Cumulatively, we found that CNCs can display different immunological effects on human immune cells, depending on their surface modification, and the study model applied. For the first time, we showed that native CNCs can display anti-inflammatory and tolerogenic potential in models of PHA-stimulated PBMCs and human MoDCs, respectively. Oxidation of CNCs increases their potential to induce pro-inflammatory cytokines by PHA-stimulated PBMCs and phenotypic maturation of MoDCs, probably by activating ROS and autophagy-dependent mechanisms. However, the same mechanisms induced an impaired differentiation of MoDCs, leading to their poor maturation capacity and increased expression of tolerogenic markers.

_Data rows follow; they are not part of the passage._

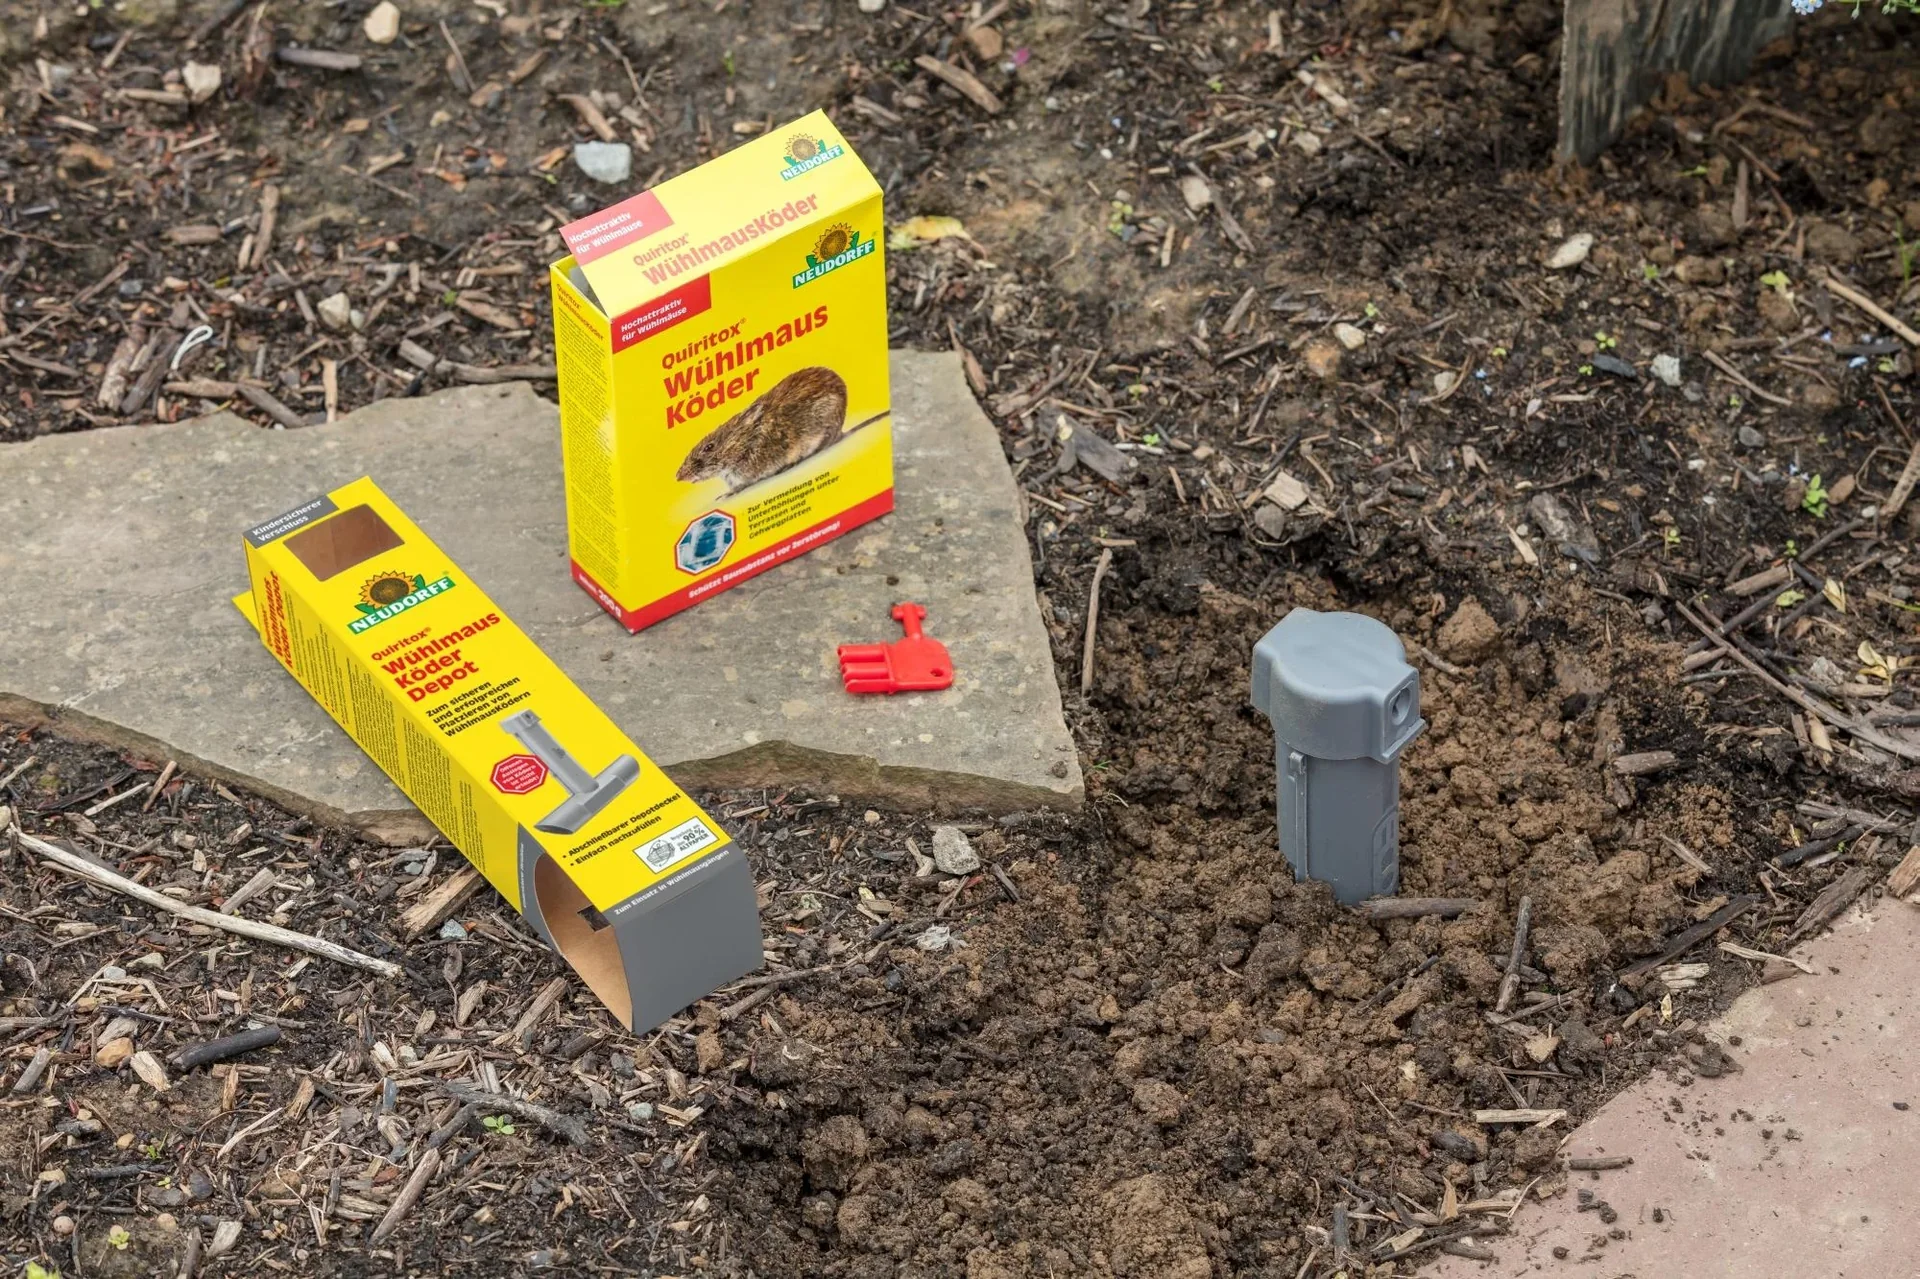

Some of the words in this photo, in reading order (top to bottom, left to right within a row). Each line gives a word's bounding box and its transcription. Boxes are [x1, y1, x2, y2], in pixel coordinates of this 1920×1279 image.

[782, 146, 843, 180] NEUDORFF
[569, 211, 632, 244] Hochattraktiv
[576, 243, 591, 254] für
[592, 219, 644, 248] Wühlmäuse
[641, 193, 818, 286] WühlmausKöder
[794, 239, 874, 287] NEUDORFF
[621, 298, 682, 332] Hochattraktiv
[621, 331, 636, 342] für
[637, 306, 688, 334] Wühlmäuse
[663, 304, 829, 399] Wühlmaus
[665, 367, 760, 430] Köder
[747, 503, 761, 514] Zur
[763, 479, 813, 506] Vermeidung
[814, 471, 830, 482] von
[816, 475, 840, 490] unter
[251, 499, 323, 537] Kindersicherer
[257, 514, 309, 543] Verschluss
[748, 508, 788, 531] Terrassen
[790, 499, 807, 511] und
[749, 506, 812, 539] Gehwegplatten
[688, 576, 722, 599] Schützt
[723, 551, 776, 583] Bausubstanz
[776, 544, 791, 557] vor
[791, 520, 841, 549] Zerstörung!
[350, 577, 451, 633] NEUDORFF
[380, 612, 501, 675] Wühlmaus
[393, 648, 462, 690] Köder
[406, 660, 480, 703] Depot
[425, 703, 449, 718] Zum
[449, 681, 492, 706] sicheren
[432, 710, 454, 724] und
[454, 676, 521, 713] erfolgreichen
[438, 702, 491, 731] Platzieren
[490, 691, 511, 704] von
[444, 690, 532, 737] WühlmausKödern
[567, 819, 629, 857] Abschließbarer
[629, 792, 682, 824] Depotdeckel
[574, 843, 608, 865] Einfach
[607, 814, 662, 848] nachzufüllen
[613, 903, 632, 916] Zum
[631, 888, 659, 906] Einsatz
[658, 883, 667, 891] in
[666, 849, 730, 886] Wühlmausgängen

In contrast, ApA-modification of CNCs displayed stimulatory effects on the maturation of MoDCs and potentiated Th1 polarization capacity of these cells via GABA-B receptor-mediated down-regulation of cAMP in MoDCs. Importantly, this capacity of MoDCs was largely preserved when ApA-CNCs were present during differentiation of MoDCs, all of which could be relevant for designing a reliable platform for the therapy of cancer in future endeavours.